**To do**
The reply must repeat the listing below exactly and carry none of its pictures.

**Extracted data**
--*--

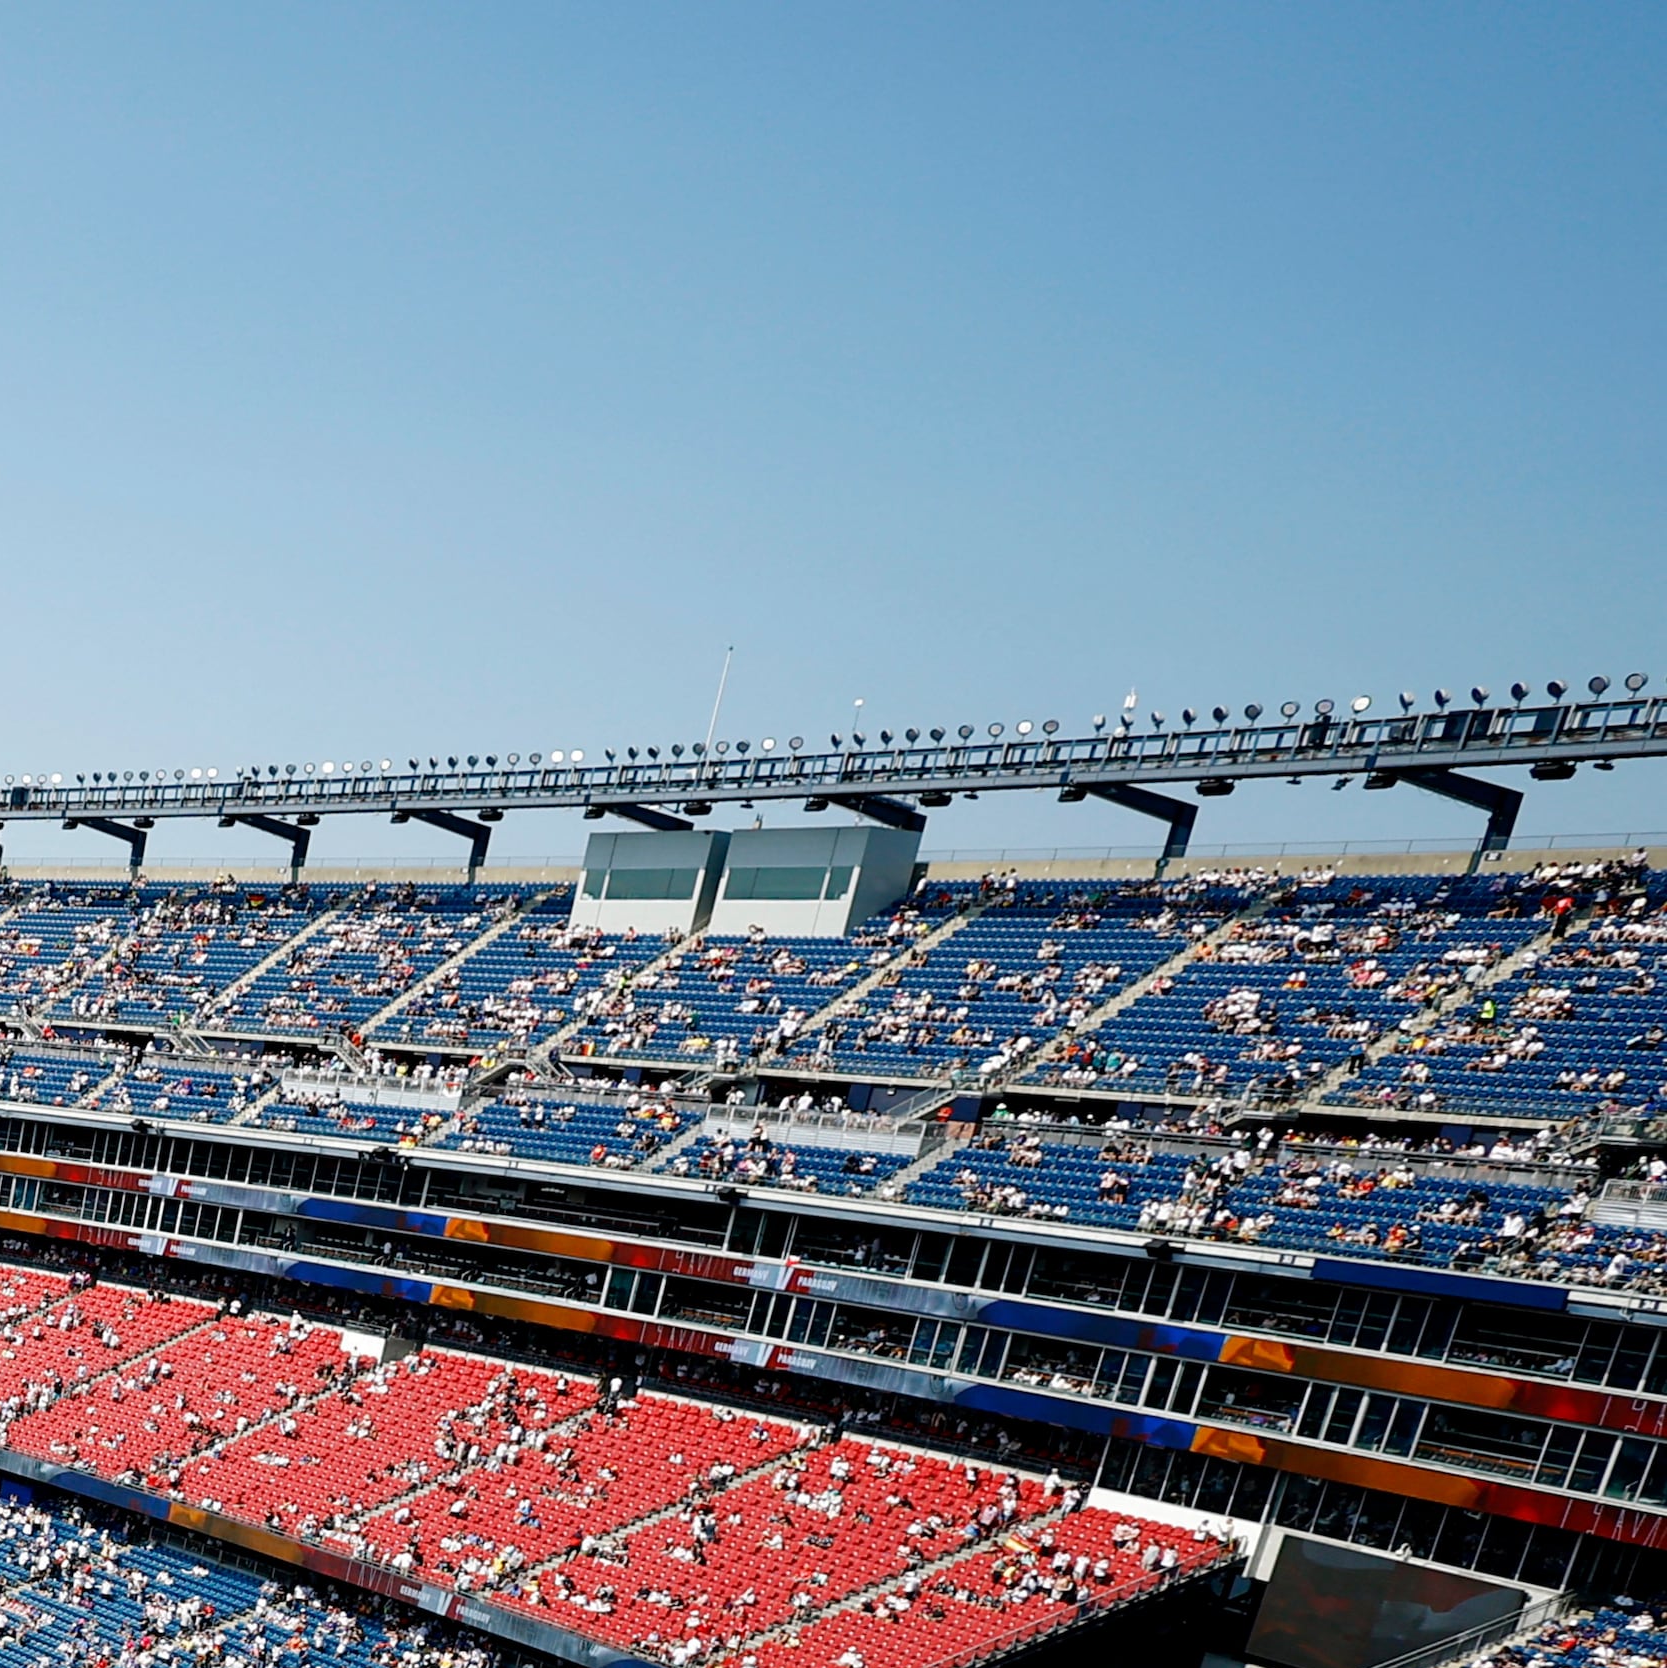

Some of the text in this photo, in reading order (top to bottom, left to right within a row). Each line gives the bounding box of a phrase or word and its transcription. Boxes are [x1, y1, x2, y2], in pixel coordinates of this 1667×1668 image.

[733, 1265, 769, 1281] GERMANY
[797, 1276, 837, 1292] PARAGUAY
[714, 1341, 749, 1356] GERMANY
[777, 1353, 817, 1370] PARAGUAY
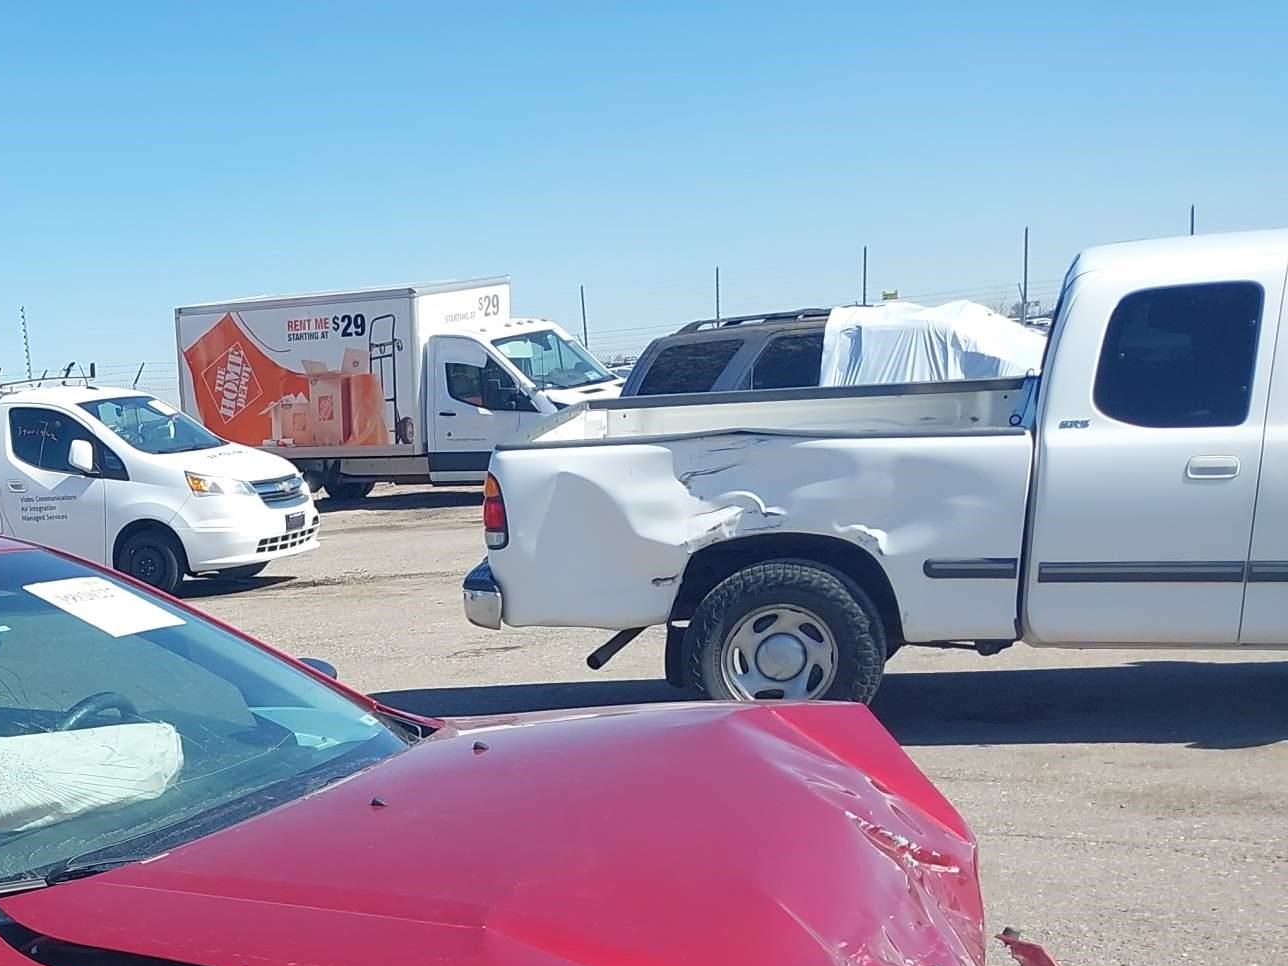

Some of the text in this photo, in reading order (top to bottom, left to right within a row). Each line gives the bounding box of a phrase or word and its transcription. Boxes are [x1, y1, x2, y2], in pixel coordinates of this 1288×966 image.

[287, 313, 366, 337] RENT ME $29
[287, 331, 329, 342] STARTING AT
[215, 366, 226, 393] THE
[221, 347, 244, 418] HOME
[236, 361, 252, 409] DEPOT
[22, 514, 46, 522] Managed
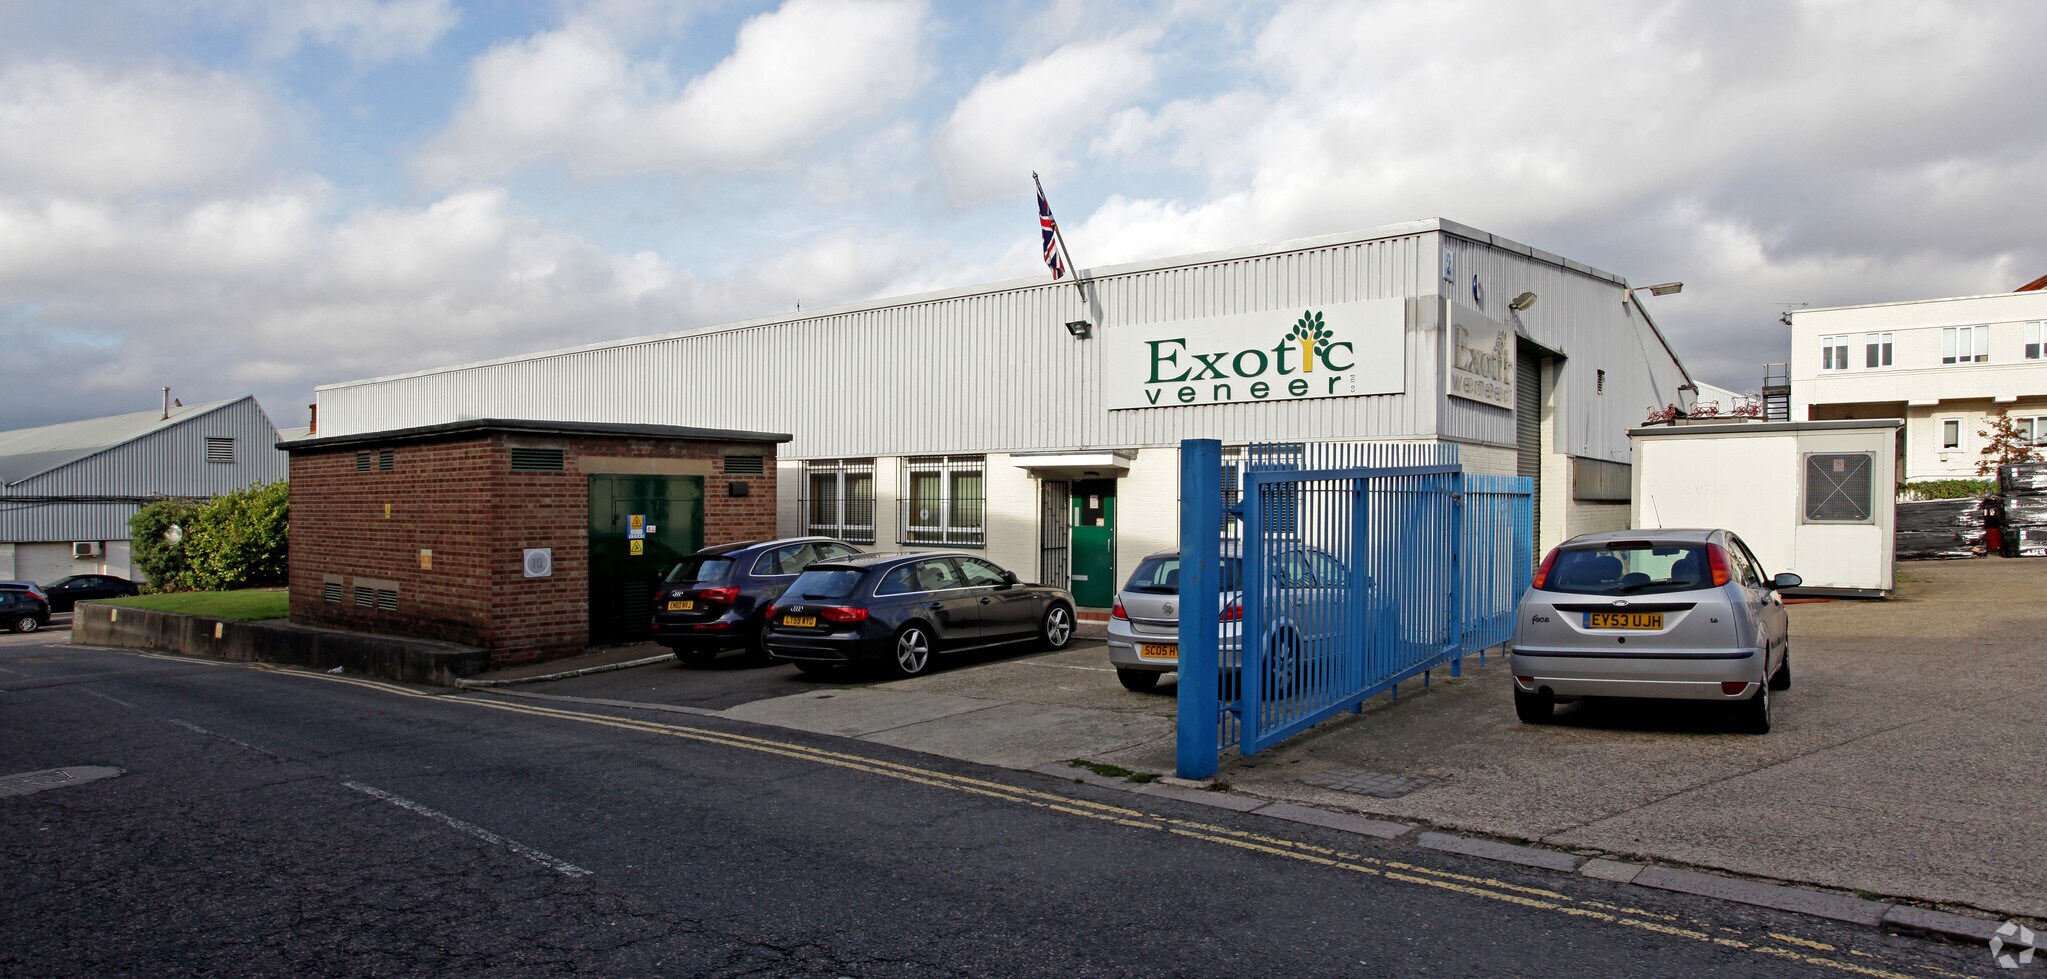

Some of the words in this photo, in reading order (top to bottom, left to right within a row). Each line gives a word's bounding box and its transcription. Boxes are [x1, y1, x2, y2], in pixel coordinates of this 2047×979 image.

[1144, 325, 1355, 384] Exotic
[1145, 375, 1342, 405] veneer
[532, 557, 543, 569] 10
[1592, 613, 1629, 626] EY53
[1632, 614, 1661, 627] UJH
[1144, 645, 1168, 656] SC05

--*--

**Result for this exercise**
Some of the text in this photo, in reading order (top to bottom, left to right within a row). Each line gives the bounding box of a phrase or word and its transcription. Boxes are [x1, y1, x2, y2], in pixel coordinates of this 1667×1668 image.

[733, 1265, 769, 1281] GERMANY
[797, 1276, 837, 1292] PARAGUAY
[714, 1341, 749, 1356] GERMANY
[777, 1353, 817, 1370] PARAGUAY

Some of the text in this photo, in reading order (top to bottom, left to right within a row). Each line gives the bounding box of a phrase or word and its transcription. Boxes are [x1, y1, x2, y2], in pixel coordinates of this 1288×966 image.

[287, 313, 366, 337] RENT ME $29
[287, 331, 329, 342] STARTING AT
[215, 366, 226, 393] THE
[221, 347, 244, 418] HOME
[236, 361, 252, 409] DEPOT
[22, 514, 46, 522] Managed

Some of the words in this photo, in reading order (top to bottom, left to right within a row). Each line gives a word's bounding box and its transcription. Boxes are [x1, y1, x2, y2], in pixel coordinates of this 2047×979 image.

[1144, 325, 1355, 384] Exotic
[1145, 375, 1342, 405] veneer
[532, 557, 543, 569] 10
[1592, 613, 1629, 626] EY53
[1632, 614, 1661, 627] UJH
[1144, 645, 1168, 656] SC05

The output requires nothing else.